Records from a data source
+ + + +
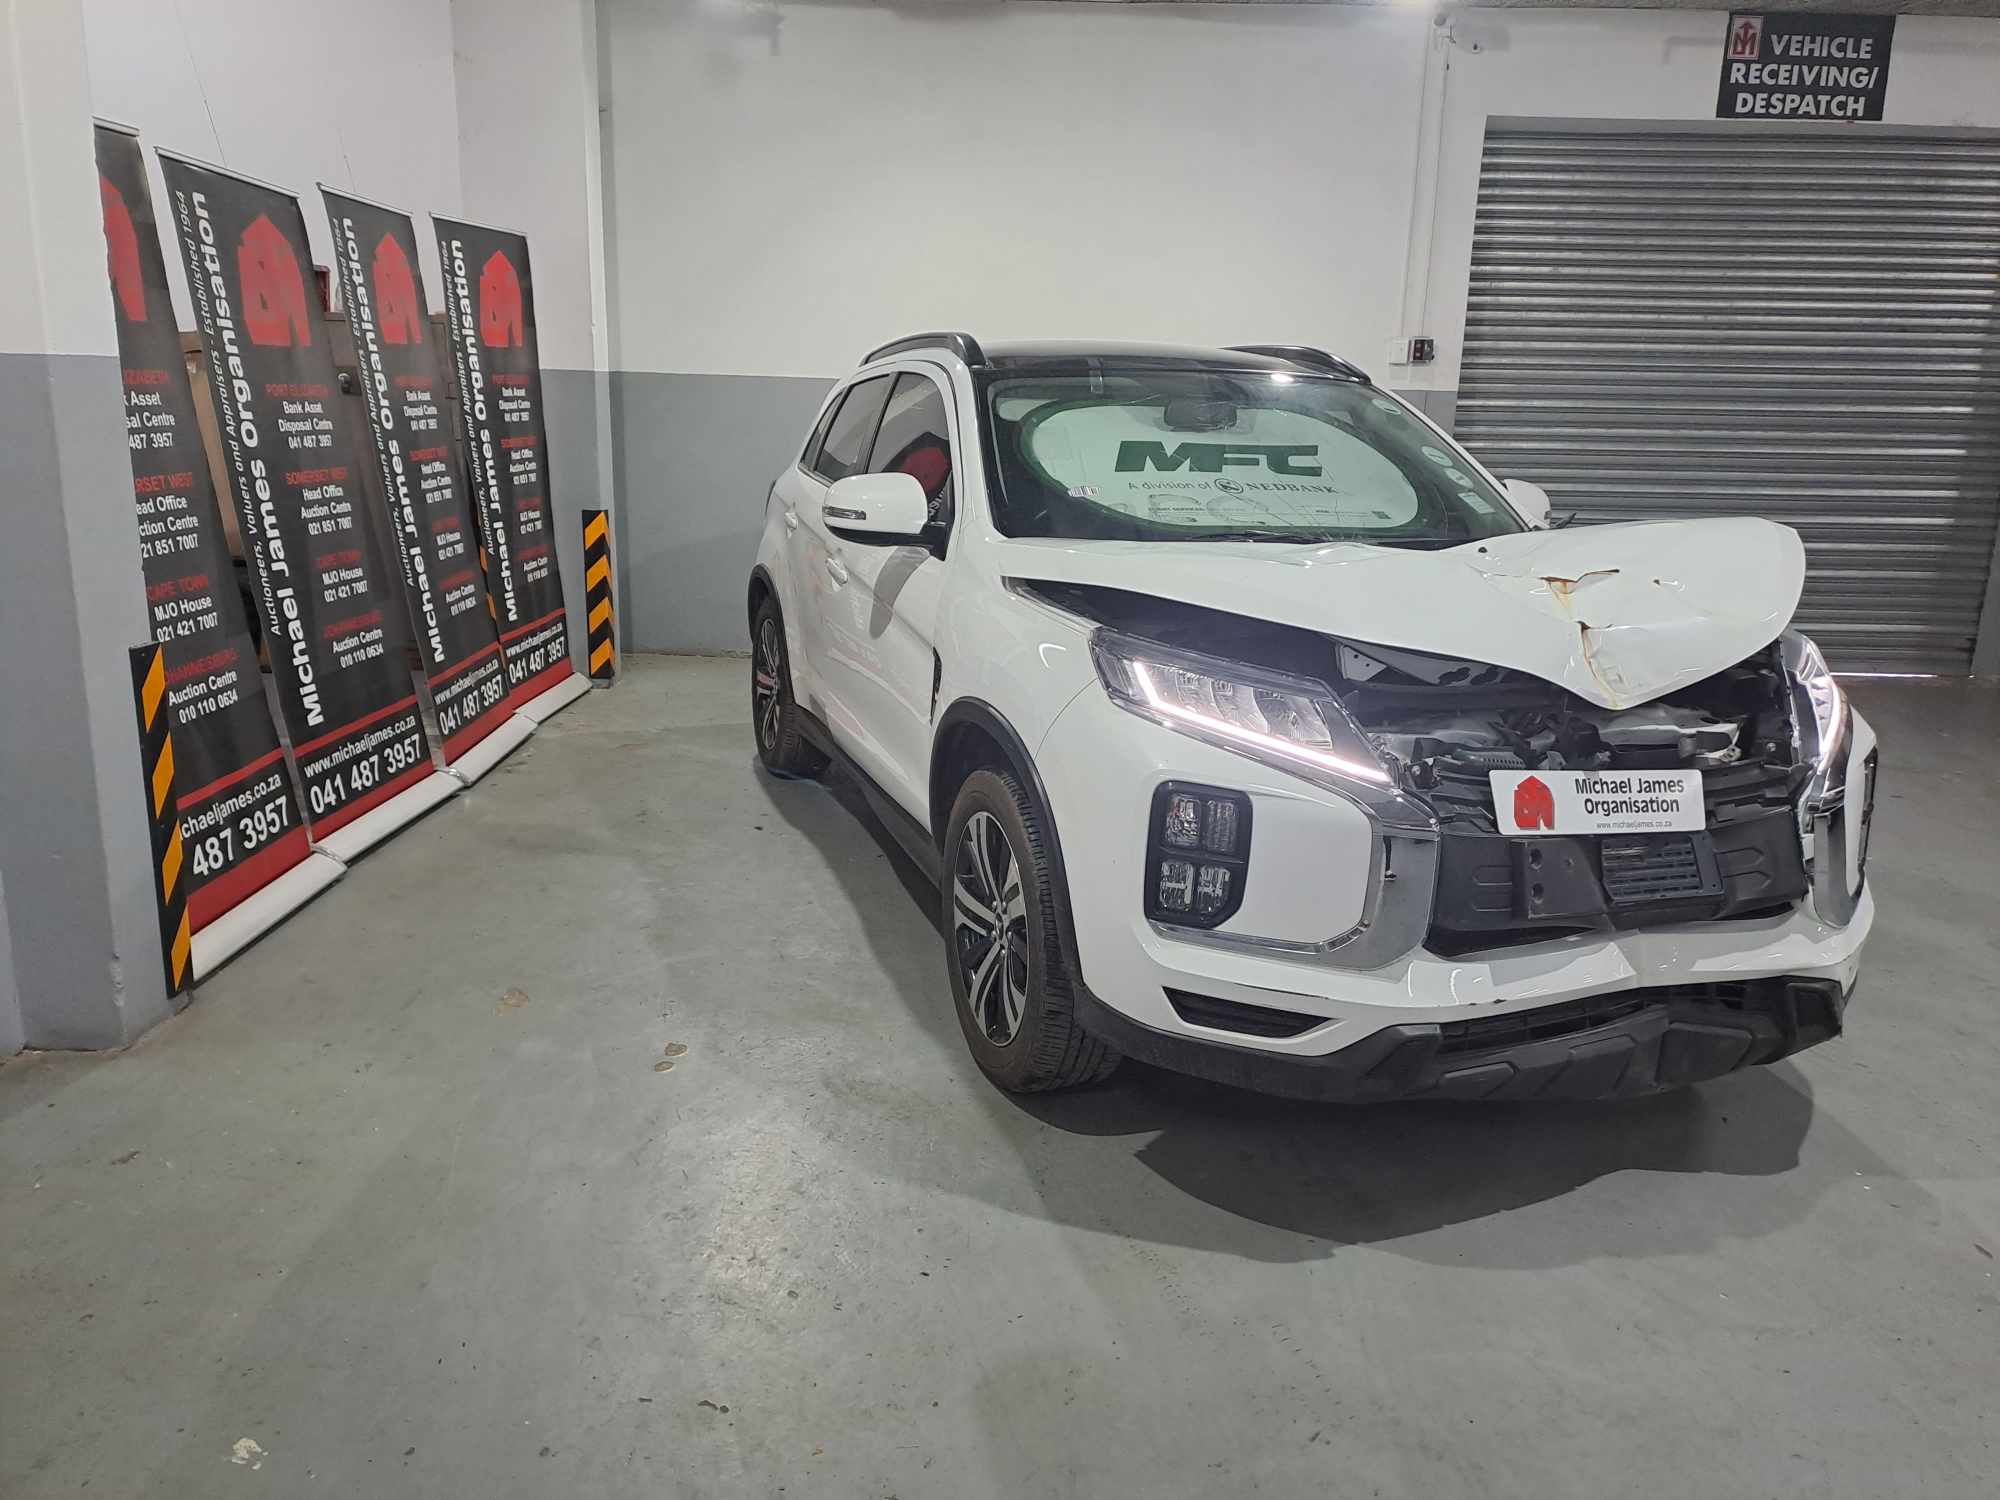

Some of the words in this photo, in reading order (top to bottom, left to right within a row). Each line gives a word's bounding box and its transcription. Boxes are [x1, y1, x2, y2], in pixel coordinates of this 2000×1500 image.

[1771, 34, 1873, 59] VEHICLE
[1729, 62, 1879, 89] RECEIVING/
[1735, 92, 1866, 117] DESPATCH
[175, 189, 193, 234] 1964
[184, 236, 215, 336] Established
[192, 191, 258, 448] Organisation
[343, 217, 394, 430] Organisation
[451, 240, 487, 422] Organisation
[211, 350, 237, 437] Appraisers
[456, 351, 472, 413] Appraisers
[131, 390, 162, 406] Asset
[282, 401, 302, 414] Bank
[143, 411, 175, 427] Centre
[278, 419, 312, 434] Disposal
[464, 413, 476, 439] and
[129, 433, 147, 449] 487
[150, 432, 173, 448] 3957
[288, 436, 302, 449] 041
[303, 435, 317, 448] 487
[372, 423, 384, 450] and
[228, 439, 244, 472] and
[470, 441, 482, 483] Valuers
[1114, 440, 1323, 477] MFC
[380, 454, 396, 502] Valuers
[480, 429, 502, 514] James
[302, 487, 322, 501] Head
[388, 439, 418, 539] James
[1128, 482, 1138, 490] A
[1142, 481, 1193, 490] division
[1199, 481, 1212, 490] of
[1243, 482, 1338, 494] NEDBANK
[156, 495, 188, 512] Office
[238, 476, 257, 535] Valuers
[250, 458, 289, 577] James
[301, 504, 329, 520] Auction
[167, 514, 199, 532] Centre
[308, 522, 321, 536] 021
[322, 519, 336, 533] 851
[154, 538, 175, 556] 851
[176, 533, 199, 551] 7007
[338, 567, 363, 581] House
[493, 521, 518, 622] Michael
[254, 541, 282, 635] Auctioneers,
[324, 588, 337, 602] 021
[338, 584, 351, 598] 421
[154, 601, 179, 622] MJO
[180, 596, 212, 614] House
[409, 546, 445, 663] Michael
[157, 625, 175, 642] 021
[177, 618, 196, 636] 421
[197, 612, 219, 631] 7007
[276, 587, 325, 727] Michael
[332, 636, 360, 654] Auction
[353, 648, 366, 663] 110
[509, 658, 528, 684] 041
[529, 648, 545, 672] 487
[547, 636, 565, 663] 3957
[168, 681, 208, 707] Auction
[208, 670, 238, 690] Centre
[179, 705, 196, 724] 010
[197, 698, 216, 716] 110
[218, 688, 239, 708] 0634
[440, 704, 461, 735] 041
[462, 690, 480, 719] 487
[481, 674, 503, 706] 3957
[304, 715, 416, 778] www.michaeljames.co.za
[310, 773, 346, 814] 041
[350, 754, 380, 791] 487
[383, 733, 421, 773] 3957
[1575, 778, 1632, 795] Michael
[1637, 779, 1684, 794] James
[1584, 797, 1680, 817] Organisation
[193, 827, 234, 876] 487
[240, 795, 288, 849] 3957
+ + + +
To do> Although the records above contain pictures, only their text is to be repeated, exactly as given.

Answer>
Some of the words in this photo, in reading order (top to bottom, left to right within a row). Each line gives a word's bounding box and its transcription. Boxes are [x1, y1, x2, y2], in pixel coordinates of this 2000×1500 image.

[1771, 34, 1873, 59] VEHICLE
[1729, 62, 1879, 89] RECEIVING/
[1735, 92, 1866, 117] DESPATCH
[175, 189, 193, 234] 1964
[184, 236, 215, 336] Established
[192, 191, 258, 448] Organisation
[343, 217, 394, 430] Organisation
[451, 240, 487, 422] Organisation
[211, 350, 237, 437] Appraisers
[456, 351, 472, 413] Appraisers
[131, 390, 162, 406] Asset
[282, 401, 302, 414] Bank
[143, 411, 175, 427] Centre
[278, 419, 312, 434] Disposal
[464, 413, 476, 439] and
[129, 433, 147, 449] 487
[150, 432, 173, 448] 3957
[288, 436, 302, 449] 041
[303, 435, 317, 448] 487
[372, 423, 384, 450] and
[228, 439, 244, 472] and
[470, 441, 482, 483] Valuers
[1114, 440, 1323, 477] MFC
[380, 454, 396, 502] Valuers
[480, 429, 502, 514] James
[302, 487, 322, 501] Head
[388, 439, 418, 539] James
[1128, 482, 1138, 490] A
[1142, 481, 1193, 490] division
[1199, 481, 1212, 490] of
[1243, 482, 1338, 494] NEDBANK
[156, 495, 188, 512] Office
[238, 476, 257, 535] Valuers
[250, 458, 289, 577] James
[301, 504, 329, 520] Auction
[167, 514, 199, 532] Centre
[308, 522, 321, 536] 021
[322, 519, 336, 533] 851
[154, 538, 175, 556] 851
[176, 533, 199, 551] 7007
[338, 567, 363, 581] House
[493, 521, 518, 622] Michael
[254, 541, 282, 635] Auctioneers,
[324, 588, 337, 602] 021
[338, 584, 351, 598] 421
[154, 601, 179, 622] MJO
[180, 596, 212, 614] House
[409, 546, 445, 663] Michael
[157, 625, 175, 642] 021
[177, 618, 196, 636] 421
[197, 612, 219, 631] 7007
[276, 587, 325, 727] Michael
[332, 636, 360, 654] Auction
[353, 648, 366, 663] 110
[509, 658, 528, 684] 041
[529, 648, 545, 672] 487
[547, 636, 565, 663] 3957
[168, 681, 208, 707] Auction
[208, 670, 238, 690] Centre
[179, 705, 196, 724] 010
[197, 698, 216, 716] 110
[218, 688, 239, 708] 0634
[440, 704, 461, 735] 041
[462, 690, 480, 719] 487
[481, 674, 503, 706] 3957
[304, 715, 416, 778] www.michaeljames.co.za
[310, 773, 346, 814] 041
[350, 754, 380, 791] 487
[383, 733, 421, 773] 3957
[1575, 778, 1632, 795] Michael
[1637, 779, 1684, 794] James
[1584, 797, 1680, 817] Organisation
[193, 827, 234, 876] 487
[240, 795, 288, 849] 3957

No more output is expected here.